2.2.4. Cancer Vaccines

The methods of cancer vaccines involve the use of tumor antigens to trigger an immune response. Nano-vaccines have the following advantages: they protect antigens from degradation, improve vaccine delivery efficiency, and enhance the cross-presentation of tumor antigens [149]. In a recent study, Chen et al. fabricated a nano vaccine with DC-targeting capability. The vaccine was able to co-encapsulate with antigen and adjuvant via electrostatic interactions. This positively charged nano vaccine can promote the endocytosis, maturation, and cross-presentation of DCs [149]. Nguyen et al. designed an injectable dual-scale mesoporous silica vaccine composed of mesoporous silica microrods (MSRs) and MSNs. This system enhanced and prolonged the cellular uptake of the MSN vaccine by recruiting large numbers of DCs into the MSR microporous scaffolds [150]. Berti et al. showed that poly(lactic-co-glycolic acid) (PLGA) NPs could improve the supply of tumor lysate to DCs [151]. A significant obstacle to the vaccine is the inability of DCs to effectively present foreign antigens to cytotoxic CD8 T cells. Therefore, in Lee et al.’s study, the liposome was channel-modified and loaded with polyethyleneimine as a nano-vaccine, which increases the liposome’s pH-responsiveness to facilitate the direct delivery of antigens to the cytoplasm of APCs [152]. Additionally, Song et al. developed a toll-like 7/8 agonist–epitope conjugate (TLR7/8a epitope) as a self-assembled and carrier-free nano-vaccine platform to efficiently introduce antigens and adjuvants. The TLR7/8a epitope nano-vaccines can prolong local retention time and improve lymph node drainage efficiency, causing significantly higher CD8 T-cell immunity levels than conventional vaccine formulations [153].

Transcutaneous immunization has the advantages of safety, high efficiency, non-invasion, and convenience of use. The key to the transcutaneous immunization system is the targeted transdermal delivery of antigens to DCs. In the study by Song et al., a transdermal tumor vaccine delivery system showed good performance in targeting DCs. It was observed that the vector loaded with antigen and adjuvant could effectively induce DC maturation in vitro [154].

In situ vaccination (ISV) can produce systemic antitumor immunity to metastatic cancer diseases [120]. Conventional vaccines contain antigens and immune agents.
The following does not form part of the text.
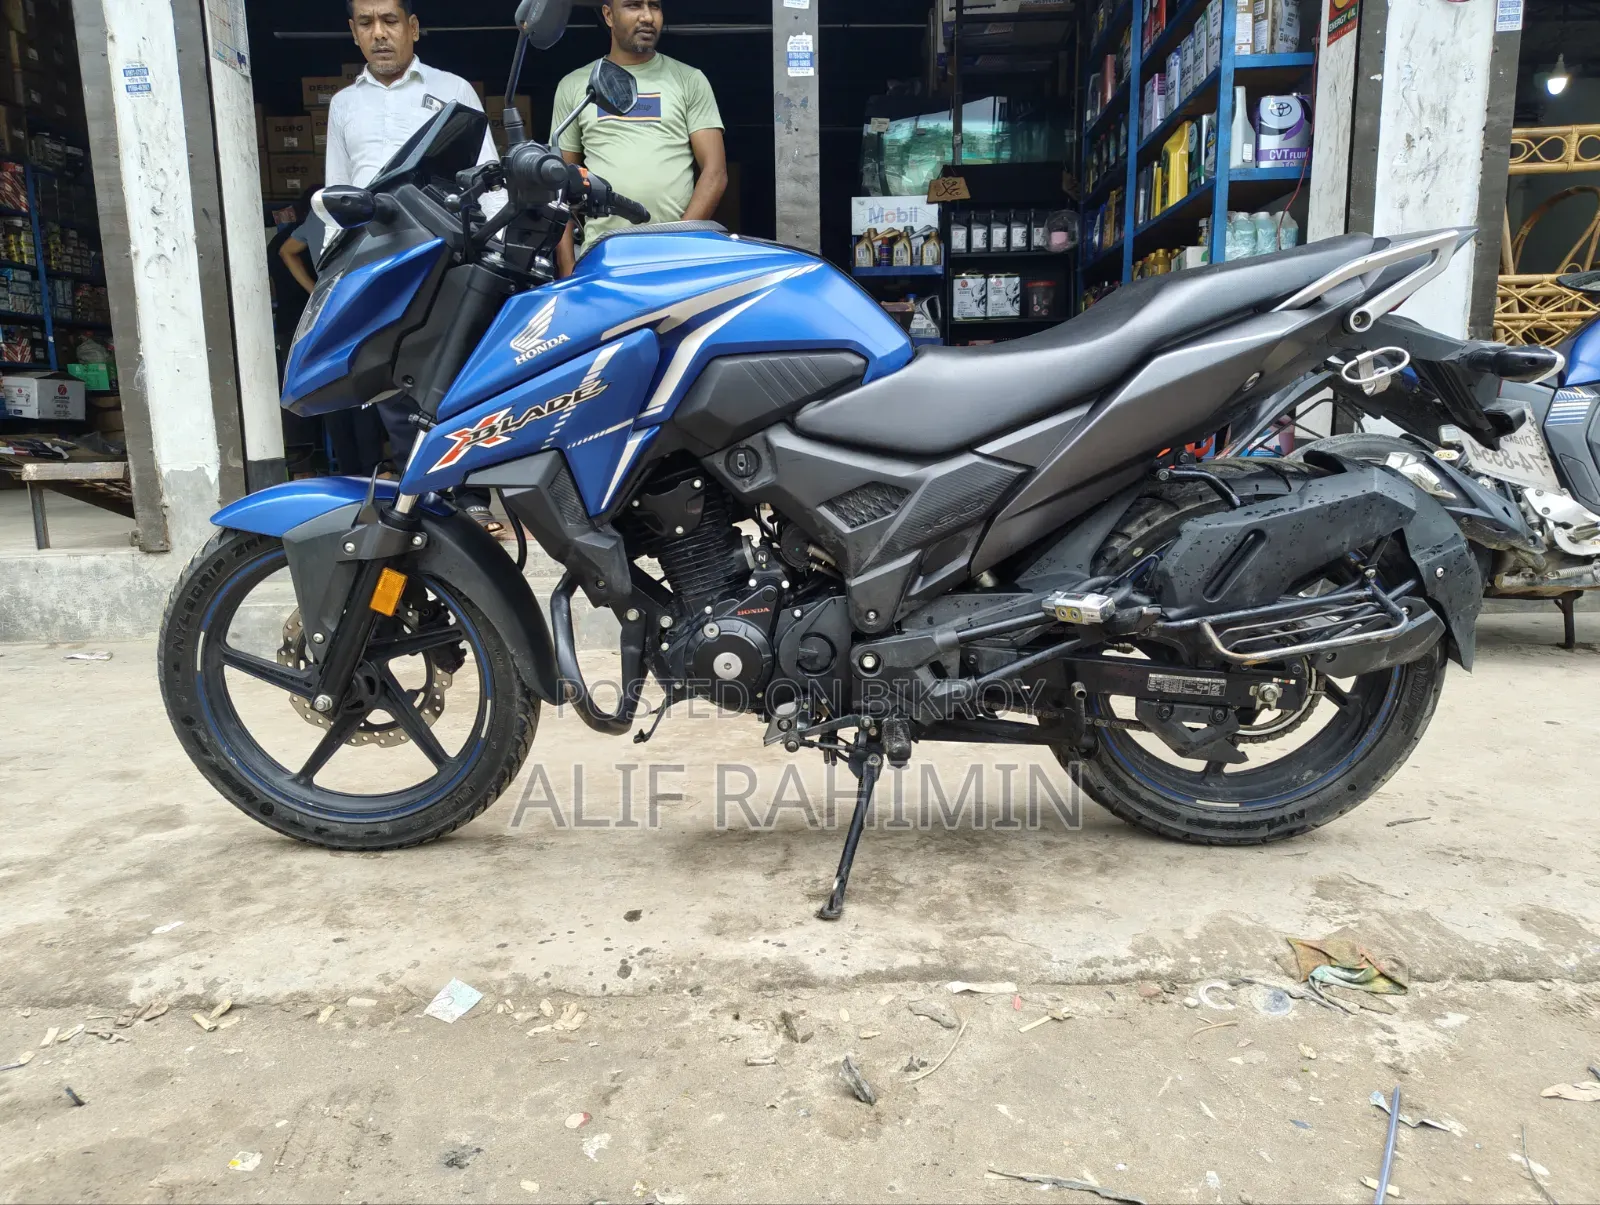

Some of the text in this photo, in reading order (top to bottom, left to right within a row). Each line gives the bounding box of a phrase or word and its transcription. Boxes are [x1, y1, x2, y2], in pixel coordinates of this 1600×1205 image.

The tumor itself provides the antigen for ISV, and the treatment only uses the immune agent directly on the tumor. ISV is used for cancer immunotherapy, small-molecule proteins, or viral tumors to activate the pathogen recognition receptors that alter the tumor microenvironment and cause systemic antitumor immunity [155]. Various oncolytic viruses with ISV functions have been approved for treatment or are undergoing clinical trials, such as PVSRIPO, an engineered oncolytic poliovirus [156]. In recent years, ISV has also been extensively studied in CM. For example, Koudelka et al. studied the role of the in situ inoculation of the plant virus Cowpea Mosaic Virus (CPMV) against melanoma. CPMV has been shown to bind specifically to the mammalian protein vimentin, a cytoskeletal protein involved in various cellular functions that can be surface-expressed or secreted in tumor cells, endothelial cells, and immune cells [157]. Studies have confirmed that the CPMV-ISV manages the IFNβ signaling pathway by activating the TLR7 in the mouse model of skin melanoma, showing a good antitumor effect [155]. Jiang et al. researched the nano PC7A vaccine and confirmed that intratumoral delivery had stronger antitumor immunity and curative effects [158].

The therapeutic mRNA vaccine has recently developed rapidly [159] The mRNA vaccine can code one or more certain tumor antigens thanks to a precise sequence design. Furthermore, after translating intracellular proteins and treating the antigen, it is finally transmitted to T cells by DCs [160]. Recently, the search for therapeutic mRNA in melanoma has progressed very well. For example, Li et al. converted therapeutic miRNA into an infinite auric-sulfhydryl coordination supramolecular miRNA, termed IacsRNA, with near-spherical nanostructure, high colloid as anti-hydrolysis stability, and low macrophage uptake [161]. Li et al. used bacteria-derived outer membrane vesicles as an mRNA delivery platform by genetically modifying the surface modification of RNA-binding protein L7Ae and lysosomal escape protein listeriolysin O, which can significantly inhibit the progression of melanoma [162].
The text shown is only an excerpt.